The seam all three point at

When you lease onto a carrier, that carrier’s primary liability generally covers you only while you are under dispatch, hauling their freight. Step outside that, and you are driving a commercial truck that the carrier’s policy may not respond to and a personal auto policy will not touch. That seam, off dispatch and off the carrier’s policy, is what these three coverages are built to close. Because they aim at the same seam, the names get used interchangeably, and that is exactly how the wrong one gets bought.

Bobtail, the narrow one

Bobtail liability traditionally refers to operating the tractor without a trailer attached, running “bobtail” back to the yard or to pick up the next load. It is the narrowest of the three. If a policy is scoped strictly to bobtail, it may respond when you are running without a trailer but not fit other off-dispatch use, such as driving with an empty trailer still hooked. That narrowness is fine when it matches how you use the truck and what the lease requires. It is a problem when it does not.
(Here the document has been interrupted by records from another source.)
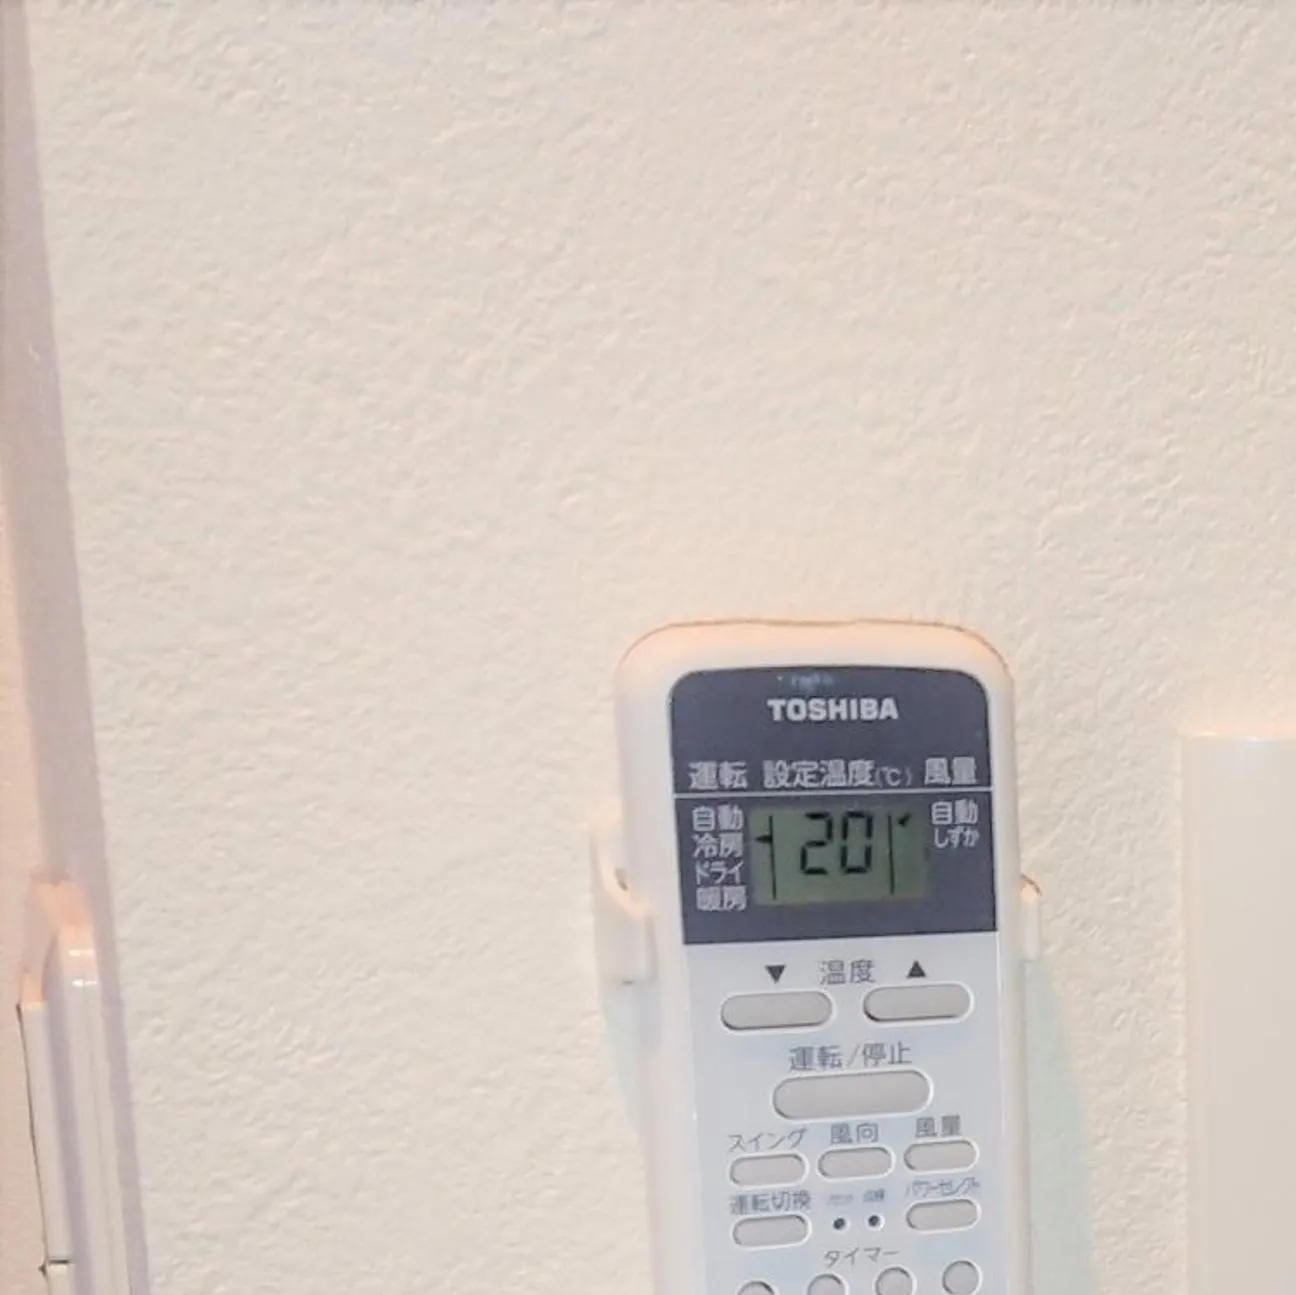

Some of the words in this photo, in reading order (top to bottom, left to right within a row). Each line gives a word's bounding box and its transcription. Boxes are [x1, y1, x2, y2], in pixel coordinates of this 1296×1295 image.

[767, 698, 898, 721] TOSHIBA
[688, 761, 748, 790] 運転
[924, 757, 977, 785] 風量
[692, 805, 744, 831] 自動
[931, 800, 978, 826] 自動
[693, 833, 743, 858] 冷房
[800, 811, 873, 875] 20
[934, 827, 980, 849] しずか
[695, 860, 744, 885] ドライ
[696, 886, 747, 911] 暖房
[819, 959, 875, 985] 温度
[789, 1041, 912, 1071] 運転/停止
[728, 1127, 808, 1151] スイング
[830, 1122, 879, 1144] 風向
[824, 1247, 900, 1268] タイマー
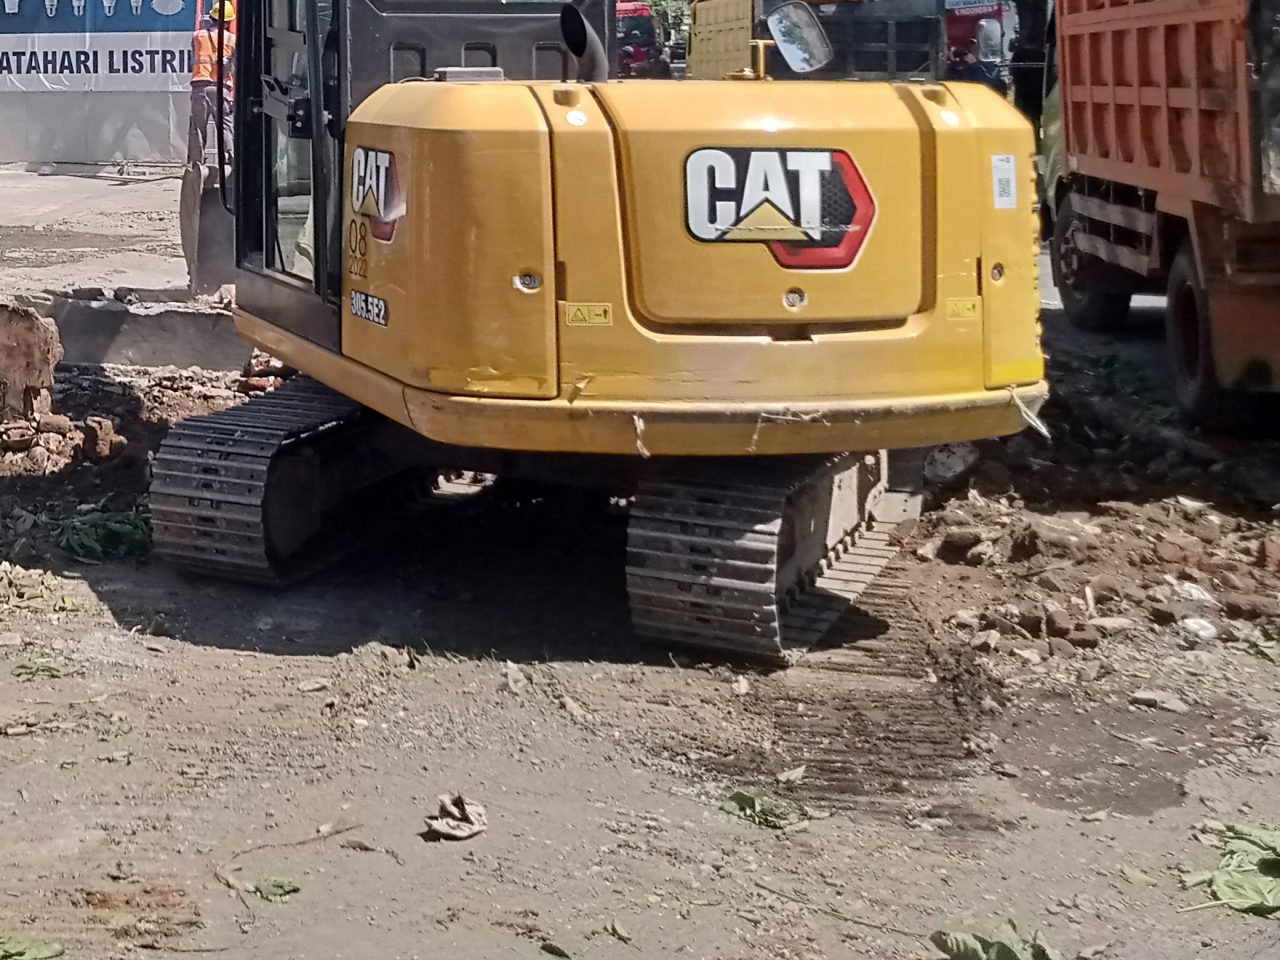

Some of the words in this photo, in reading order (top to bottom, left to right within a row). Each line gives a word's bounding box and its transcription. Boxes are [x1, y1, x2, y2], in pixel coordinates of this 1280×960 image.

[352, 147, 390, 218] CAT
[686, 149, 832, 241] CAT
[348, 219, 367, 258] 08
[349, 255, 368, 279] 2022
[351, 290, 387, 326] 305.5E2
Non-trucking liability, the broad one

Non-trucking liability is broader. It covers use of the truck that is not in the business of the carrier you lease to, whether or not a trailer is attached. For many leased operators, this is the coverage that actually fits, because personal use rarely stays inside the narrow bobtail definition. In practice, non-trucking liability is what most drivers rely on for off-dispatch protection, and bobtail is sometimes used loosely to describe it.
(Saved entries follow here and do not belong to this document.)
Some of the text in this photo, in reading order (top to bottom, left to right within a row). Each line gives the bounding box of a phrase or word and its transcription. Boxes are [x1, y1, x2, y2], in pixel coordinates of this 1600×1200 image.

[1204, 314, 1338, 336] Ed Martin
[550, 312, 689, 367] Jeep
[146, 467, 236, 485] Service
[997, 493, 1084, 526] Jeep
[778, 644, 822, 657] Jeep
Unladen, the one that varies

Unladen generally refers to the truck operating without a load. The term appears in some carrier and program forms, and its exact meaning varies from one to the next. Because of that variation, unladen is the term most worth confirming in writing. Do not assume it means the same thing your lease means, or the same thing a prior policy meant. Ask what the specific form covers.

Quick reference

CoverageScoped toCommon fit
BobtailTractor without a trailerNarrow off-dispatch use, when the lease names it
Non-trucking liabilityUse outside the carrier’s businessBroad off-dispatch use, most leased operators
UnladenOperating without a load, form specificConfirm the exact wording of the policy

Who needs which

If you lease on and use the truck for any personal driving, non-trucking liability is usually the broad protection to start from. Bobtail may be what your lease specifically names, in which case the coverage you buy needs to match that wording. Unladen is worth pinning down precisely because its meaning shifts. None of the three cover the freight, the trailer, or your truck’s physical damage, so those stay separate. The deciding factor is always the same: how you actually use the truck off dispatch, read against what the lease requires.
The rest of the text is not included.